Why Is Everyone ObsessedWith Chat Interfaces?

I've been thinking a lot about this: why does every app, tool, and platform seem to be adding a chat interface? I get it — chat is powerful. You can freely ask for something and get results fast. But as an interface designer, I can't help but feel that products are forgetting an important lesson. It's like we're just slapping a chat box onto everything and calling it a day. And honestly, that feels off.

Crafting an interface isn't just about placing buttons, text, and icons on a canvas. It's a process of understanding the technology behind it, the user's intentions, and translating all this complexity into a layer that enables these interactions. I like to think that interfaces are a vocabulary that a product defines and exposes to the user to enable them to talk with the system.

Draw of computer pieces¹ A new leap in user-interface paradigms of computing: Batch Processing → Interactivity → ??

The usage of natural language through LLM it's a new paradigm ¹ that can help expand this vocabulary , the issue that we are facing right now is that we’re treating it as the ultimate solution for everything — almost like a silver bullet. The problem? Natural language isn't made for precision.

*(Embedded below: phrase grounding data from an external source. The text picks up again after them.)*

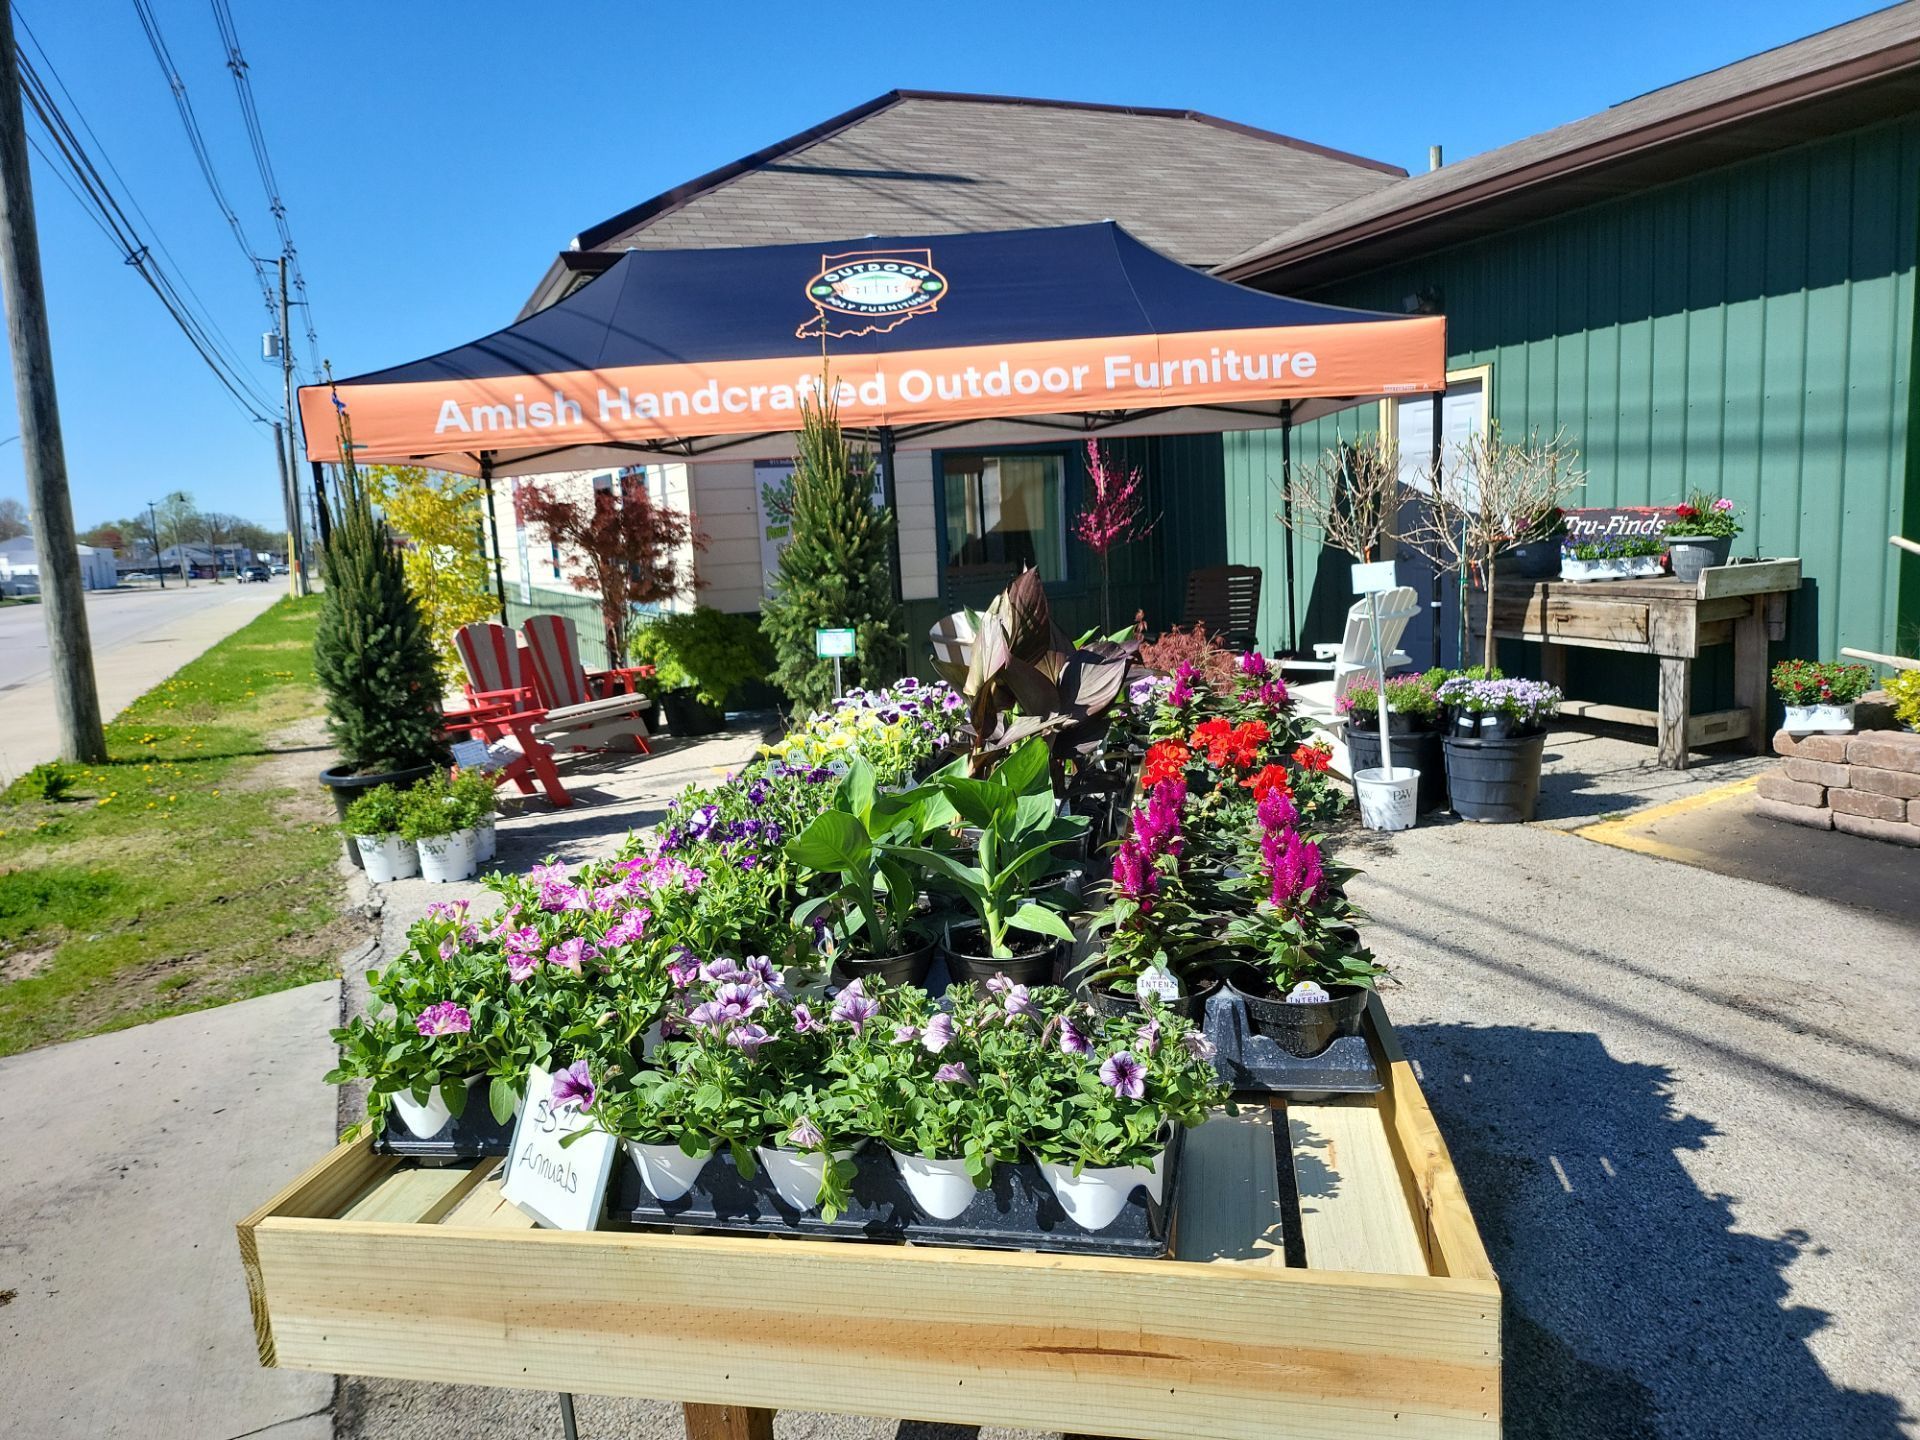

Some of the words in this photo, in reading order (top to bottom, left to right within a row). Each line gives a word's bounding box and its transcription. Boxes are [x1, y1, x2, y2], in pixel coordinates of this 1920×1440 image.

[824, 263, 930, 282] OUTDOOR
[860, 293, 930, 312] FURNITURE
[434, 390, 583, 435] Amish
[597, 372, 887, 423] Handcrafted
[898, 361, 1089, 403] Outdoor
[1104, 346, 1318, 390] Furniture
[1564, 512, 1667, 535] Tru-Finds
[519, 1142, 577, 1194] Annuals

The Problem with Chat Interfaces

Human interaction vs ai interaction chat bubbles

Natural language is great for starting something new—it’s faster than clicking around, but it's not always the best tool for the job. Natural language is becoming the lazy user interface. It gives the illusion that a problem is solved. Just because you can interact with an AI via text doesn't mean it's the best way to get things done.

Human language isn't made for precision. That's why we have poetry, why we have different ways of saying the same thing, and why we had to invent programming languages in the first place. Machines need structured definitions and predictability.

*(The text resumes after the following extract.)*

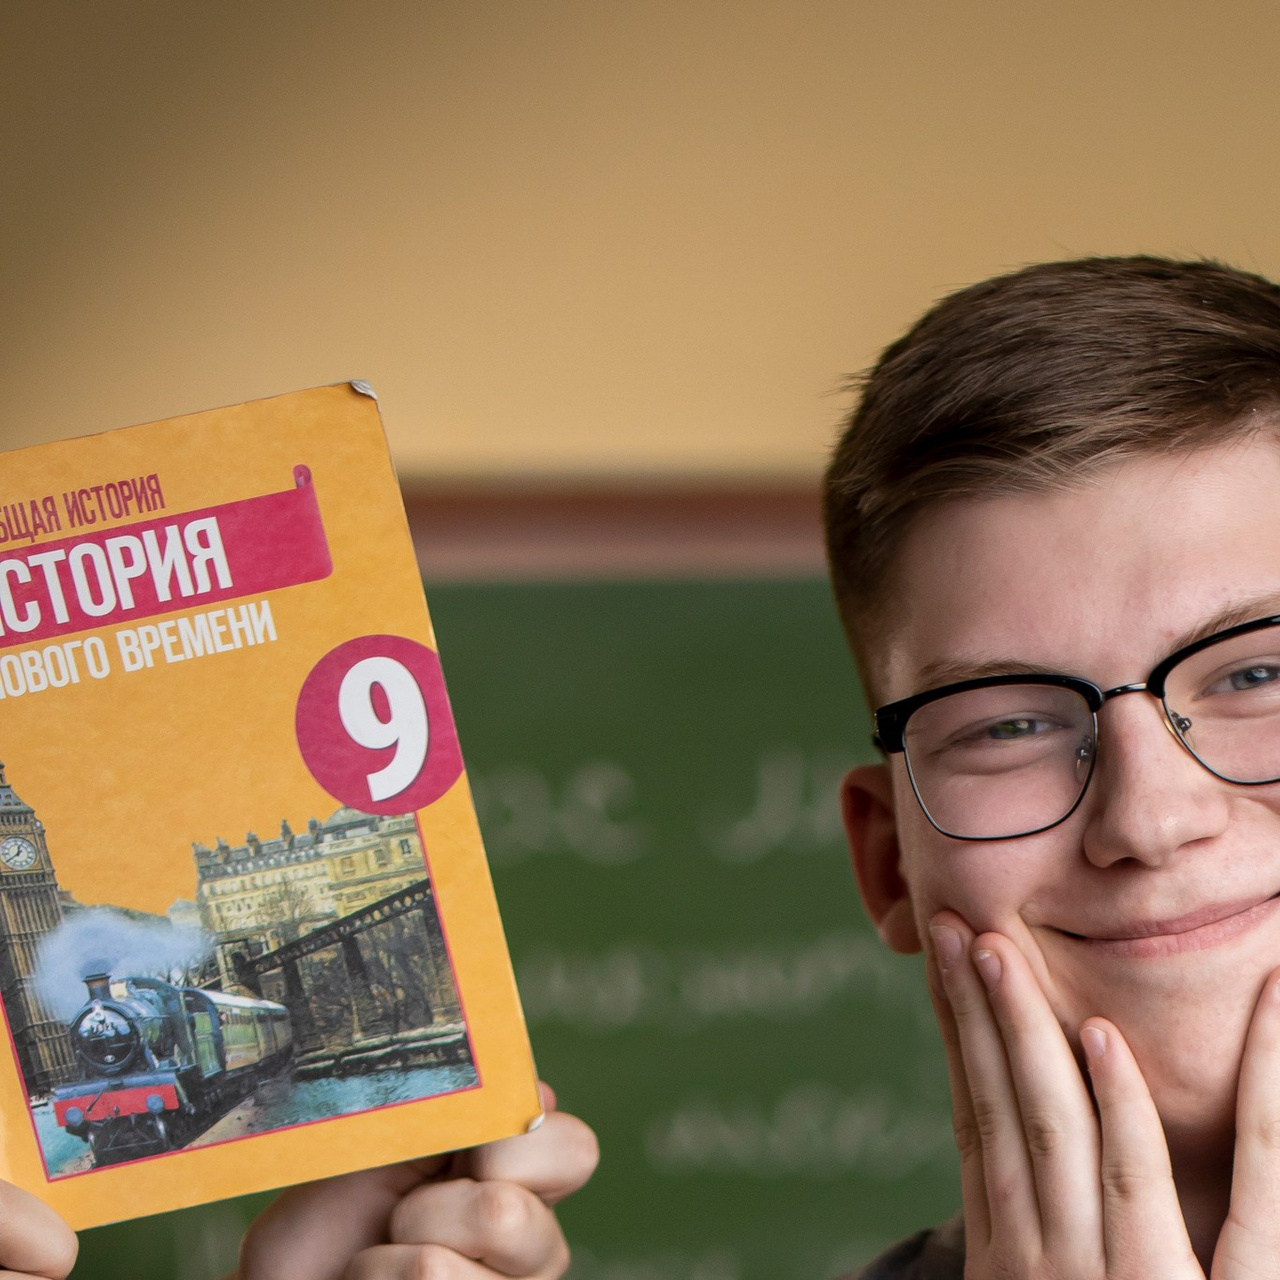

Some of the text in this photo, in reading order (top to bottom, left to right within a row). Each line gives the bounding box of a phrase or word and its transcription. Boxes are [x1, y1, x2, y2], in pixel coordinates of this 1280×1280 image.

[62, 473, 166, 529] ИСТОРИЯ
[0, 516, 233, 637] СТОРИЯ
[0, 600, 278, 701] ОВОГО ВРЕМЕНИ
[337, 655, 430, 802] 9

Imagine asking an AI for a color that "feels like freedom." That's incredibly subjective. An AI might generate a response based on statistical associations, but it won't truly understand the essence of "freedom" the way a human does. Similarly, if programming languages were entirely based on natural language, we'd introduce an overwhelming number of errors because ambiguity leads to unintended outcomes.

So if you want to choose colors a well crafted interface is better than natural language. A color picker gives far more control and accuracy than trying to describe a shade to an AI.

Color picker interface vs Chat Interface

Natural language can take us only to a certain point

This is the core issue with chat: it's great for generating rough drafts, but when you need precision, it falls apart. You can get to 80% of a solution quickly, but the last 20% — the part where you refine and make things more unique — needs better interfaces.

History has shown us that the right interface makes all the difference, Doug Engelbart, the mind behind the computer mouse, demonstrated this when he taped a brick to a pencil to prove it. Just throwing chat interfaces into our products is like putting a brick on a pencil

Chat Interface

Remember the concept of an interface been a vocabulary of the system? A prompt is not far from that. It is a pile of context ² that we send to the system.

Prompt with annotations showing a pile of context² https://wattenberger.com/thoughts/boo-chatbots

Adding precision controls to any chat interface also makes AI tools more accessible. Not everyone is a native English speaker, and relying solely on prompts creates a barrier. UI elements provide a way to interact with AI without needing perfect wording.

Let’s go back to the initial question

Why are people obsessed? A big part of it comes from human nature—our tendency to seek one-size-fits-all solutions. Instead doing the real work — talking to customers, understanding what they actually need, figuring out system requirements, and sitting down to design hundreds of alternatives. If you just drop a chatbox without thinking it through, it becomes a shiny element, not a tool for solving user problems.

Second is the illusion of innovation that all the AI hype is adding to the industry. Adding a chat interface looks super cool in the demos, but it really struggles in daily usage.

I’m not exactly sure where interface design is headed, but I want to believe there’s still room to explore new ways of interacting with computers—ways that enhance how we think, create, and solve problems rather than forcing users into standardized solutions.

The shift in the UI paradigm presents an opportunity to propose new interfaces. To achieve that, we need to engage with LLMs, map possibilities and create a vocabulary. Then you will be able to design interfaces that truly augment the relationship between human and machine.